To do
Reproduce the records below in full and word for word, excluding pictures.

Text-to-region grounding data:

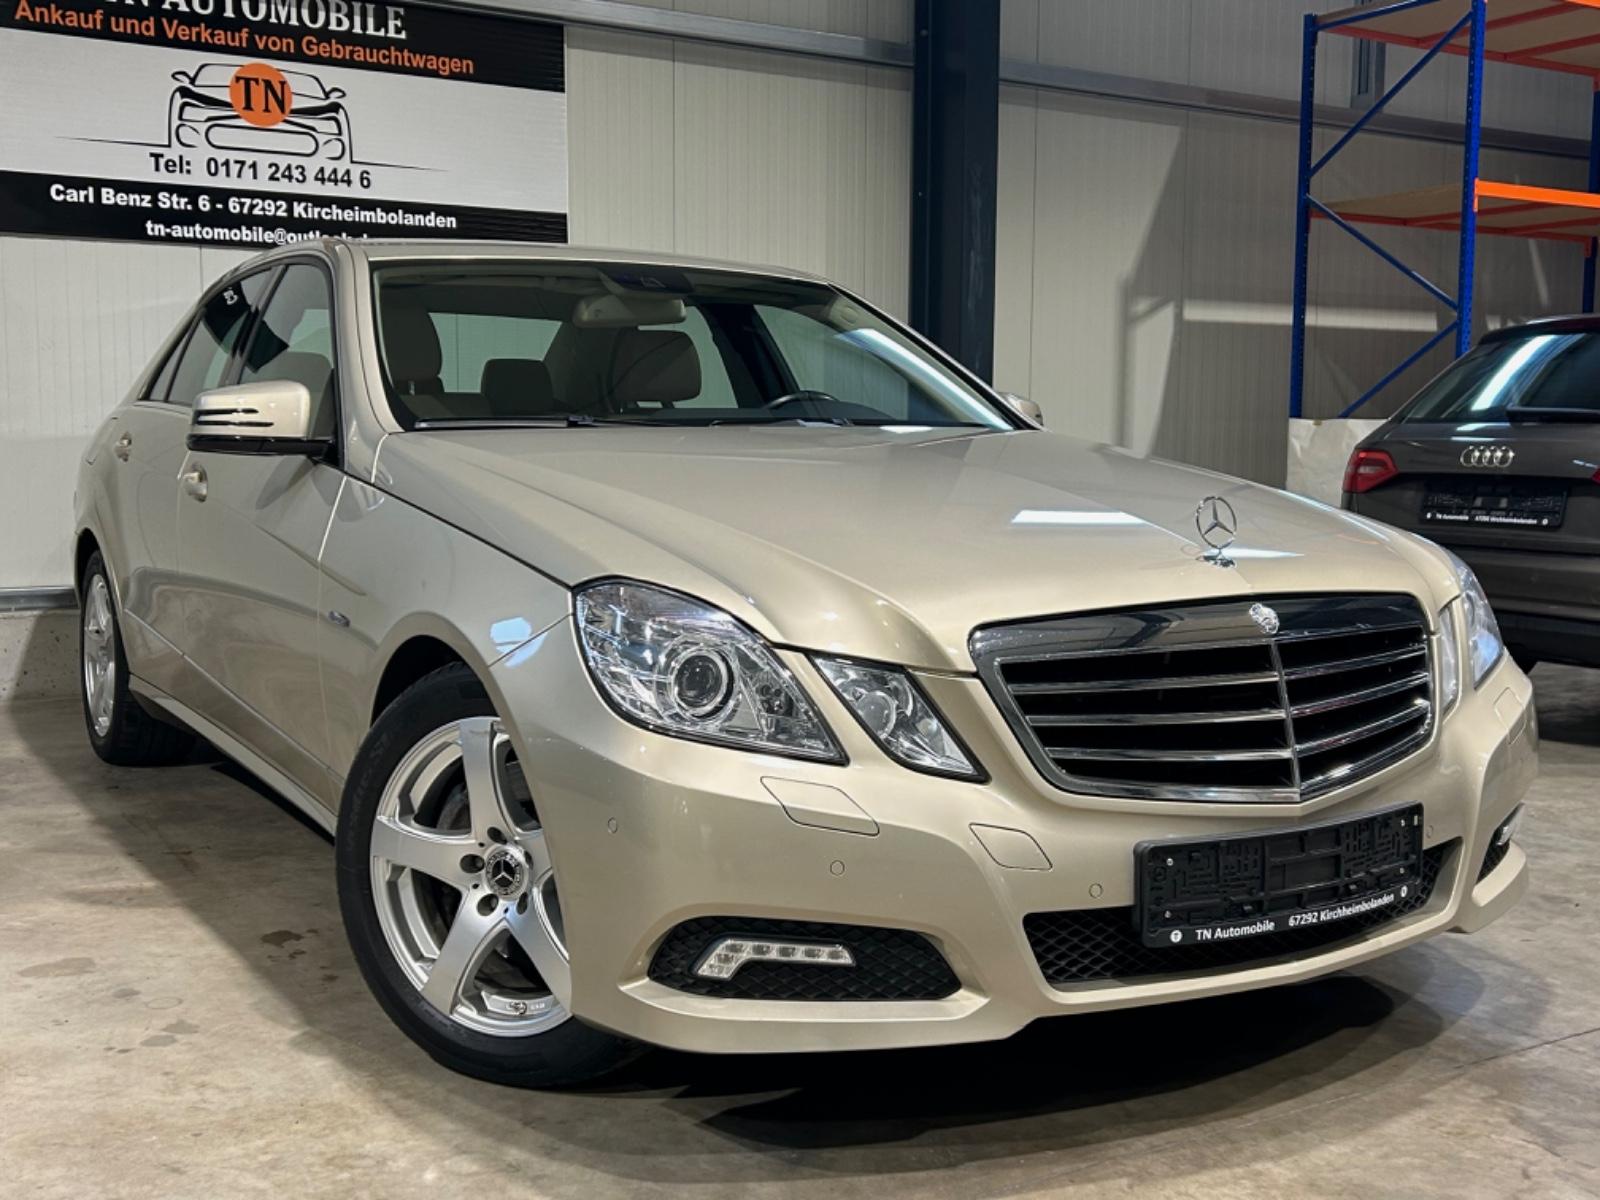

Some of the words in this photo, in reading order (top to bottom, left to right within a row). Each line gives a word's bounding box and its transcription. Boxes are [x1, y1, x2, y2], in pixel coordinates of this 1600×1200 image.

[15, 0, 104, 30] Ankauf
[111, 16, 155, 37] und
[162, 18, 249, 48] Verkauf
[254, 34, 295, 53] von
[301, 36, 474, 75] Gebrauchtwagen
[235, 76, 287, 114] TN
[150, 152, 192, 175] Tel:
[206, 157, 259, 180] 0171
[267, 162, 307, 183] 243
[314, 166, 352, 187] 444
[359, 170, 371, 189] 6
[50, 184, 94, 203] Carl
[101, 187, 152, 207] Benz
[157, 192, 193, 210] Str.
[198, 195, 211, 212] 6
[228, 197, 288, 217] 67292
[293, 202, 457, 228] Kircheimbolanden
[146, 220, 368, 244] tn-automobile@outl
[1195, 929, 1212, 941] TN
[1214, 920, 1275, 939] Automobile
[1288, 912, 1318, 927] 67292
[1320, 893, 1395, 921] Kirchheimbolanden

Task result
Some of the words in this photo, in reading order (top to bottom, left to right within a row). Each line gives a word's bounding box and its transcription. Boxes are [x1, y1, x2, y2], in pixel coordinates of this 1600×1200 image.

[15, 0, 104, 30] Ankauf
[111, 16, 155, 37] und
[162, 18, 249, 48] Verkauf
[254, 34, 295, 53] von
[301, 36, 474, 75] Gebrauchtwagen
[235, 76, 287, 114] TN
[150, 152, 192, 175] Tel:
[206, 157, 259, 180] 0171
[267, 162, 307, 183] 243
[314, 166, 352, 187] 444
[359, 170, 371, 189] 6
[50, 184, 94, 203] Carl
[101, 187, 152, 207] Benz
[157, 192, 193, 210] Str.
[198, 195, 211, 212] 6
[228, 197, 288, 217] 67292
[293, 202, 457, 228] Kircheimbolanden
[146, 220, 368, 244] tn-automobile@outl
[1195, 929, 1212, 941] TN
[1214, 920, 1275, 939] Automobile
[1288, 912, 1318, 927] 67292
[1320, 893, 1395, 921] Kirchheimbolanden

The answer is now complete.